-- Opening Marker --

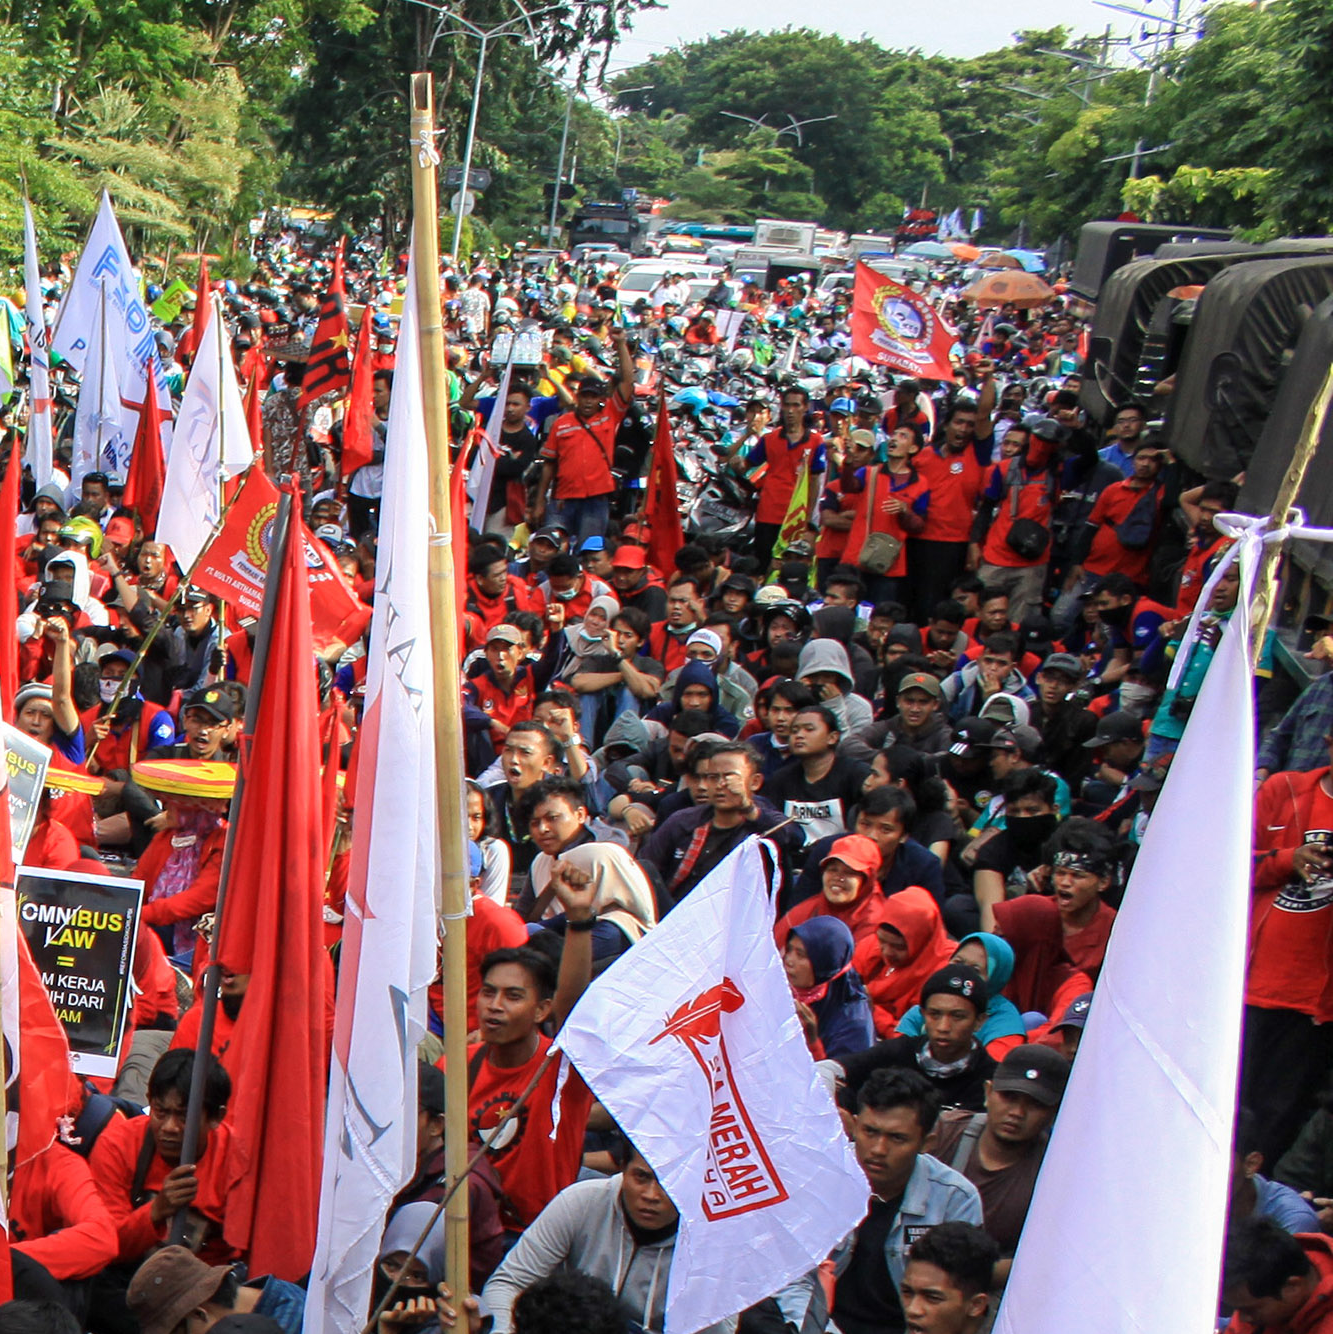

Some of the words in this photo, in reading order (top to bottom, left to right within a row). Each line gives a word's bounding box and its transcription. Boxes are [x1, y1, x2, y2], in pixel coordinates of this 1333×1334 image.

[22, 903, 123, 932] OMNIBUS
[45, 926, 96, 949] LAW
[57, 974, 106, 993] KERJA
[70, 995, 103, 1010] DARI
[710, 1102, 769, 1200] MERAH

-- Closing Marker --

Print all the material above verbatim and omit its pictures.

Some of the words in this photo, in reading order (top to bottom, left to right within a row). Each line gives a word's bounding box and its transcription. Boxes are [x1, y1, x2, y2], in pixel coordinates of this 1333×1334 image.

[22, 903, 123, 932] OMNIBUS
[45, 926, 96, 949] LAW
[57, 974, 106, 993] KERJA
[70, 995, 103, 1010] DARI
[710, 1102, 769, 1200] MERAH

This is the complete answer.